Created By The Mercury 7 Astronauts
Frederick D. Gregory piloted one shuttle mission with six fellow astronauts and a messy pack of rats and monkeys and then commanded two Defense Department flights. He later shifted into management and served as NASA’s deputy administrator from 2002-2005.
He was born in Washington, D.C., in 1941, and received a Bachelor of Science degree from the U.S. Air Force Academy in 1964 and a Master’s degree in Information Sciences from George Washington University in 1977.

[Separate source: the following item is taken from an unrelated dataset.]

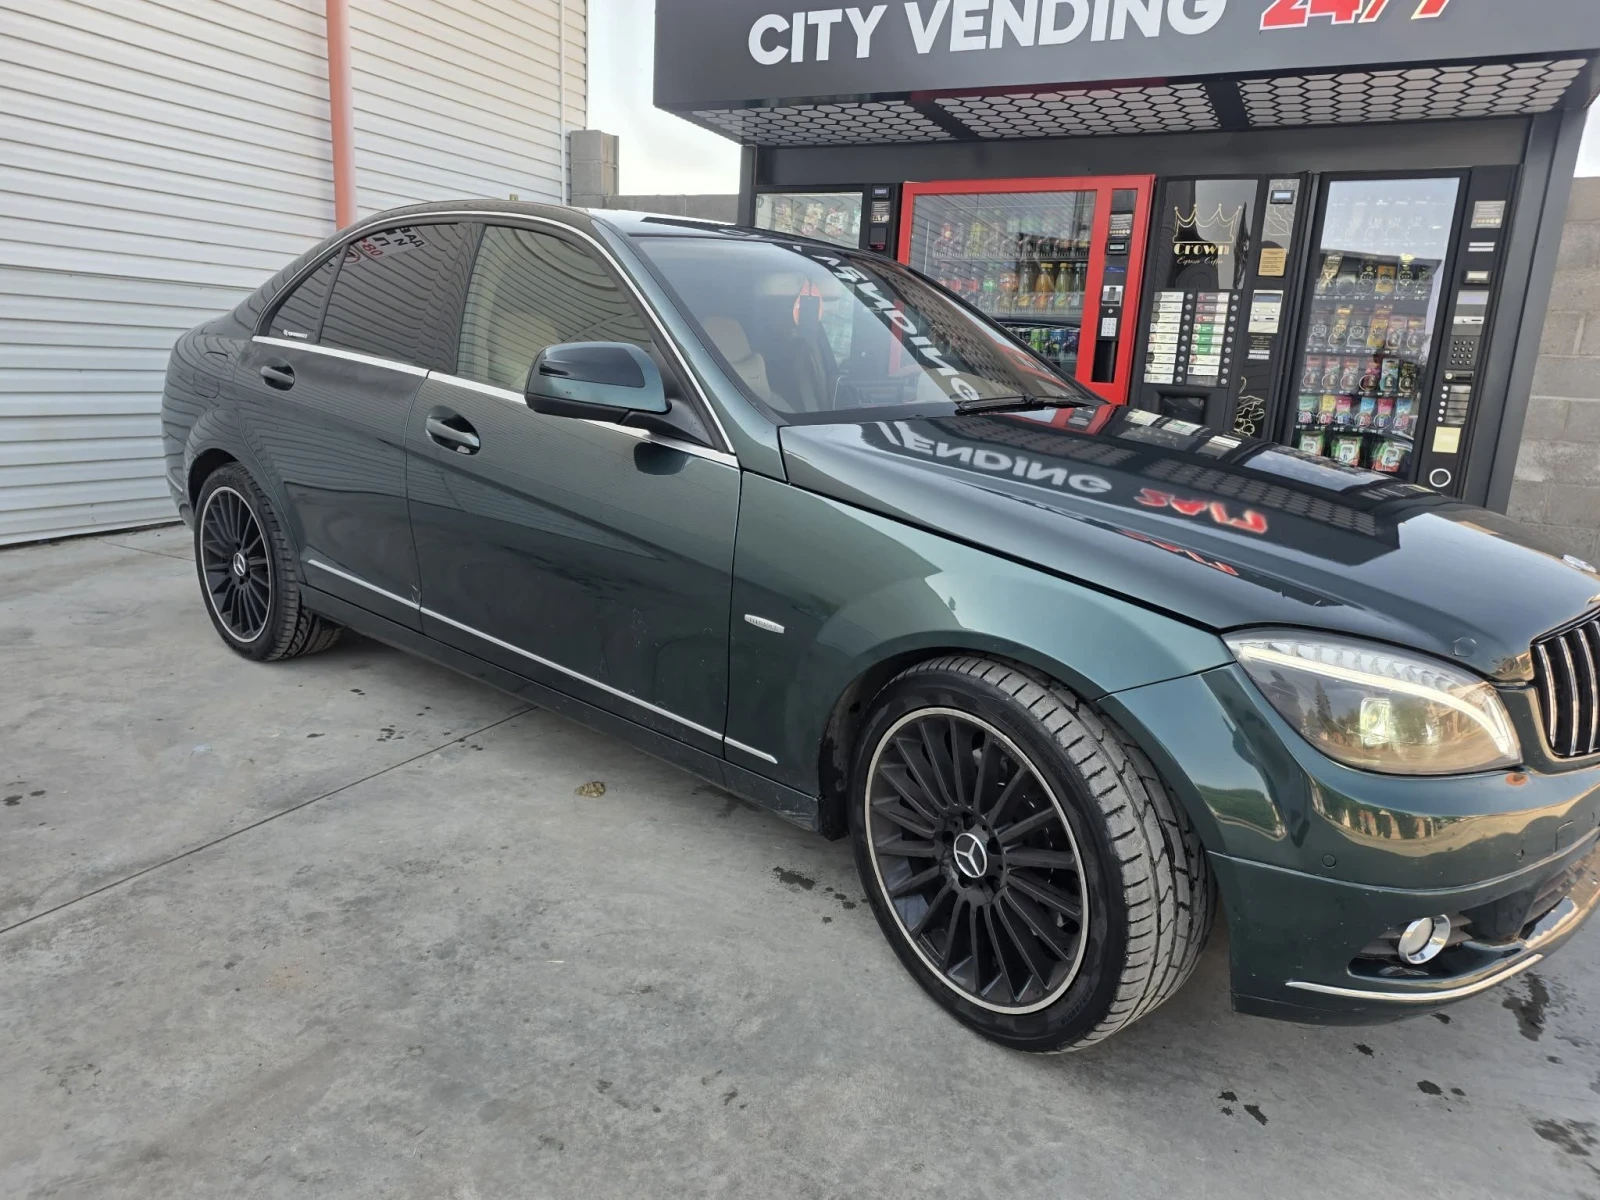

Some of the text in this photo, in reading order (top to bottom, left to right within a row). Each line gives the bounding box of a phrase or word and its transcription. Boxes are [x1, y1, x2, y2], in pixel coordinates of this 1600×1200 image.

Following graduation from the Air Force Academy, Gregory took helicopter training, earned his wings in 1965 and served initial assignments as an H-43 helicopter rescue pilot at Vance AFB, Okla., and at Danang Air Base in Vietnam. He returned to the United States in 1967 and was assigned as a missile support helicopter pilot, flying the UH-1F at Whiteman AFB, Mo. He later re-trained as a fixed-wing pilot, flying T-38s and F-4s. Following stops at the Navy Test Pilot School, Patuxent River, Md., and at Wright Patterson AFB, Ohio, he was detailed in 1974 as a research test pilot at NASA’s Langley Research Center in Virginia. Four years later, NASA selected him for astronaut training.
Gregory’s first space assignment was as pilot of Space Shuttle Challenger, which soared into orbit in 1985 with a crew of seven and the European Spacelab, a pressurized 23-foot laboratory positioned in the cargo bay. The crew had plenty of company – 24 rats and two squirrel monkeys who were to become real nuisances. They were along to test cages designed for future animal research projects in space. The astronauts learned early on that the cages were not adequate. Every time they changed the food trays, foul-smelling particles of food and feces spewed out and floated weightless in the laboratory, eventually drifting through a connecting tunnel into the cockpit. Mission Control worked out a procedure to halt the outflow. The astronauts, wearing surgical masks, slipped small plastic bags over the trays before extracting them and used a small vacuum cleaner to sweep up any particles that escaped.
With that problem resolved, the crew concentrated on the many science, technology and research experiments packed into the Spacelab. They worked around-the-clock in shifts, observing the animals’ behavior in weightlessness; photographing auroras and other astronomical phenomena; growing crystals in solution to study the dynamics of water, glycerin and silicone droplets in zero-G, and spinning out a small satellite to aid air traffic controllers. They returned to Earth after seven days aloft.
On November 22, 1989, Gregory guided Space Shuttle Discovery into orbit with four other astronauts. Because it was a Defense Department mission, most information was blacked out, just as it was on four earlier military shuttle flights. On the second day, Thanksgiving Day, the crew reportedly deployed a two and one-half-ton, $300-million Signal Intelligence satellite intended to monitor military communications in much of the world. Then the astronauts enjoyed a Thanksgiving meal of irradiated turkey and freeze-dried vegetables.
Gregory again commanded a Defense Department mission with the 1991 launch of Atlantis with a crew of six. While secrecy was not as tight as on earlier military flights, there were some aspects that official kept quiet about. The astronauts successfully released a Defense Support Program satellite and worked on a number of secondary payloads, including a Military Man In Space experiment designed to assess the ability of a spaceborne observer to collect information about ground troops, tanks, planes and other equipment and facilities.
Gregory served as NASA’s Deputy Administrator from 2002-2005.
He was inducted into the U.S. Astronaut Hall of Fame on May 1, 2004.